The growth of the generics market has produced impressive economic benefits for the United States. The Association for Accessible Medicines (AAM), recently reported that the use of FDA-approved generics and biosimilars saved $408 billion in healthcare costs just in 2022. With more than 90% of U.S. prescriptions being filled with generic formulations, the occurrence of shortages is not a surprise. That being said, the intensity and length of these shortages have become worrying. According to the American Society of Health-System Pharmacists (ASHP), 99% of pharmacists who work for hospitals or health systems reported that they were currently facing drug supply issues.
One of the reasons behind the surge in shortages is the dependence on manufacturers based in India and China. While it is true that production in these countries can be achieved at lower costs, this might come with a hefty price. Beyond delivery delays due to geopolitical disruptions and quality issues, depending on a single country to source a certain generic is the pharmaceutical equivalent of placing all eggs in a single basket.
A smarter approach to leveraging costs by outsourcing pharmaceutical manufacturing is to split production across different companies that are regulated under the same criteria. Such is the case of pharmaceutical manufacturers based in the European Union, which have to fulfill the same quality standards as member nations. For this strategy to work, it is important to choose partners who fulfill European standards, comply with FDA regulations, and are capable of ensuring quality across batches.
Another reason behind the increasing number of drug shortages is the lack of incentives regarding sourcing generics based on factors that go beyond production costs. If a generic manufacturer, chosen by offering the lowest price, has to stop production due to quality concerns, it will logically lead to a shortage. Thus, it is necessary to push for incentives that stimulate companies to hire manufacturers that do not cut corners and offer quality services. Such incentives could be managed through federal programs such as Medicare.
By promoting picking manufacturers based on quality, reliable manufacturers could find funding more easily, invest in their facilities, and even expand their portfolio to sell less popular drugs. The industry is open to putting quality over price, as 85% of ASHP survey participants would be willing to spend 5% or more above their annual generic injectable drug budget to buy from more suppliers that achieve quality recognition.

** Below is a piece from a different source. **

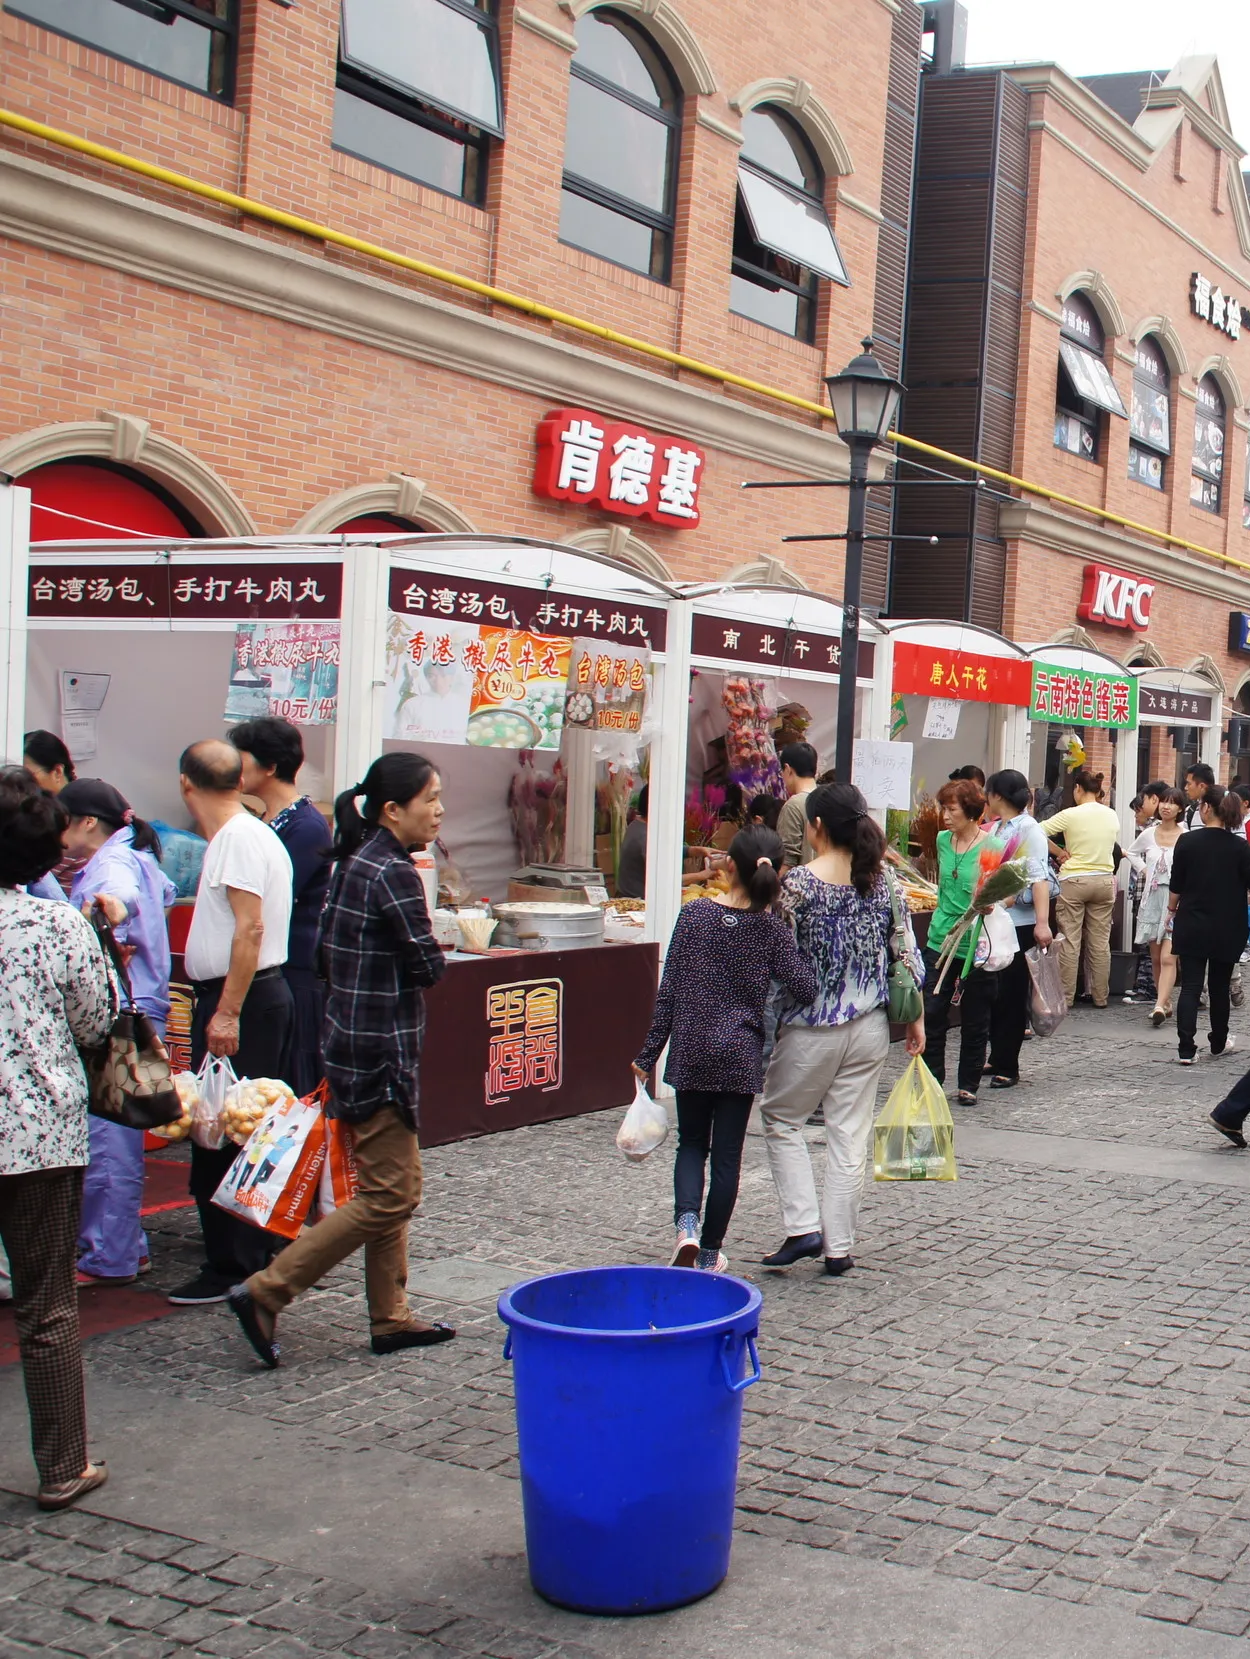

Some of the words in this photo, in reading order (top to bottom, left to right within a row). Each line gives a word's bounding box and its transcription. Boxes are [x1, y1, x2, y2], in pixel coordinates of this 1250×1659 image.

A 2019 FDA report identified the lack of quality recognition in the pharmaceutical industry as a root cause of drug shortages. The idea of a quality recognition program for drug manufacturers was introduced in a 2013 article written by FDA staff and published in Clinical Pharmacology & Therapeutics. For the FDA, establishing quality metrics or rating systems for manufacturers would be a challenge but doing so would provide more objective support to purchasing choices.
Another measure that can be taken to prevent shortages is to request additional reporting when demand for a certain formulation surges, increase the required reporting regarding the source of active ingredients, and require manufacturers to study the longest possible expiration date of their products. Pharmaceutical analysts could use this information to track (and potentially predict) the availability of different drugs and their active ingredients to act upon any emerging issue without allowing it to spiral out of control.
By investing in diversifying sourcing, increasing quality, and data tracking, it is possible to prevent drug shortages in the expanding generics market. These activities are quite feasible, with the biggest challenge being how long is society willing to wait before investing in preventing the next drug shortage crisis.